Petitioner claims that it merely gave up rental property for more rental property plus raw land, all of which was property held for investment and productive use in petitioner's business. Respondent maintains that Longview was at all times held by petitioner primarily for sale.

The reinvestment property was put together by Long Corporation in late 1949. It began developing the tract in 1957. In the same year certain parcels of the tract were transferred to five related development corporations which proceeded to build houses on the property. Beginning in May 1959, the Long interests started selling the first of the 197 single family houses constructed on the tract. By December of that year they had sold 43 houses and there remained 154 as yet unsold.

Prior to their investment in the Atlanta properties, the Long interests had constructed war housing projects in the Charleston area, a low-cost single-unit housing project in Puerto Rico, and several highrise apartment houses. The single-unit housing previously built by the Long interests was of a low-cost nature. Their Atlanta development*295 was the highest priced development they had ever built, the houses ranging in price from $17,000 to $22,000. In Puerto Rico they had found that the "lease-option" arrangement was an excellent method of disposing of houses. Not only had they kept the houses almost completely rented at all times but the large majority of them were eventually sold to the lessees in the ensuing years. The leaseoption agreement enabled the prospective purchaser to build up a certain equity in his house over a period of years without fully committing himself to its purchase. Under it every rental payment made by the lessee reduced the option price. Ultimately, at the end of the option period, the option price was zero. Between the first year and the last year there was a proportionate decrease in the option price measured by several factors, as in the case of a typical home mortgage. For example, under a 30-year lease-option an $18,381.68 house could have been purchased after the tenth year for $15,397.78; after the twentieth year for $9,935.49; and after the thirtieth year for nothing.
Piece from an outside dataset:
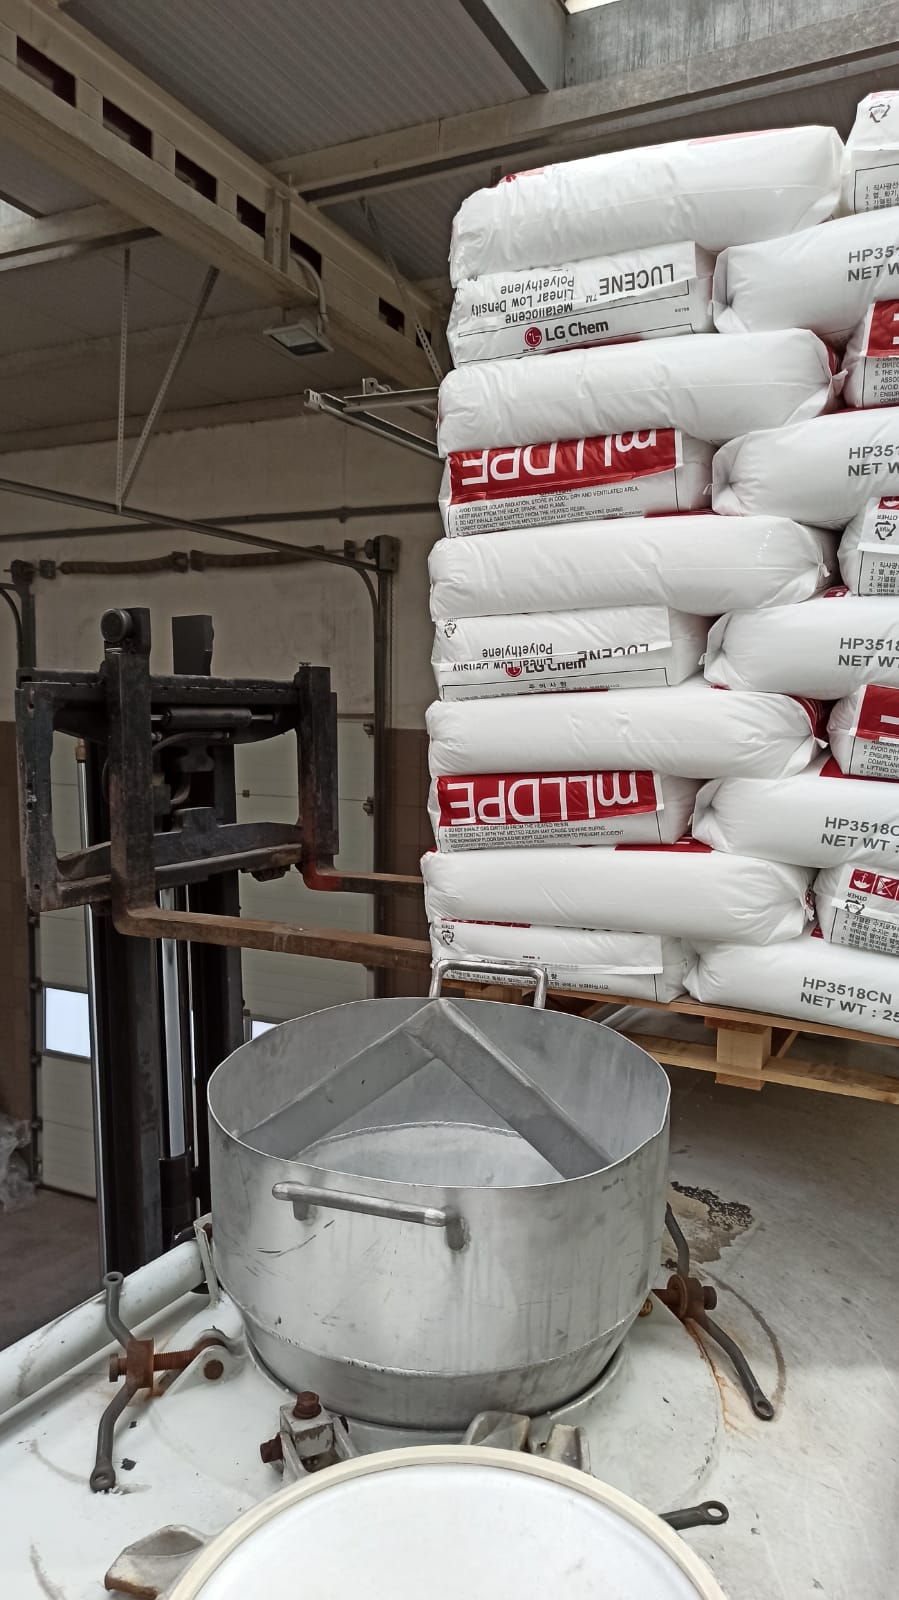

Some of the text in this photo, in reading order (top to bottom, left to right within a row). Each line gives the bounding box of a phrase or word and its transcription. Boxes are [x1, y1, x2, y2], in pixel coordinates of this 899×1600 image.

As of August 1, 1960, out of the 154 unsold houses, 102 were under lease-option agreement. Of the 102 lease-option agreements, *296 approximately 50 percent had been entered into prior to December 30, 1959, and the other 50 percent thereafter. The other 52 houses were vacant, that is they were not under sales contract, lease-option, or in any other manner occupied.

This issue, narrowed down, is whether Longview was held by petitioner primarily for sale, as contended by respondent, or for productive use in a trade or business or for investment, as contended by petitioner. Petitioner claims that the nature of the holding of Longview by its sister corporations changed from sale to rent before it purchased the property. It points out that the last sale of any house in Longview was in December 1959, that no further sales were made until it began to liquidate its investment in December 1960, and that 102 of the houses in Longview were under lease-option agreements at the time it purchased the property. Petitioner also stresses that it never sold any houses to an individual purchaser, either before or after the purchase of the property, and that it did attempt to continue with the lease-option agreements, having entered into seven new ones subsequent to the August 1, 1960, purchase date.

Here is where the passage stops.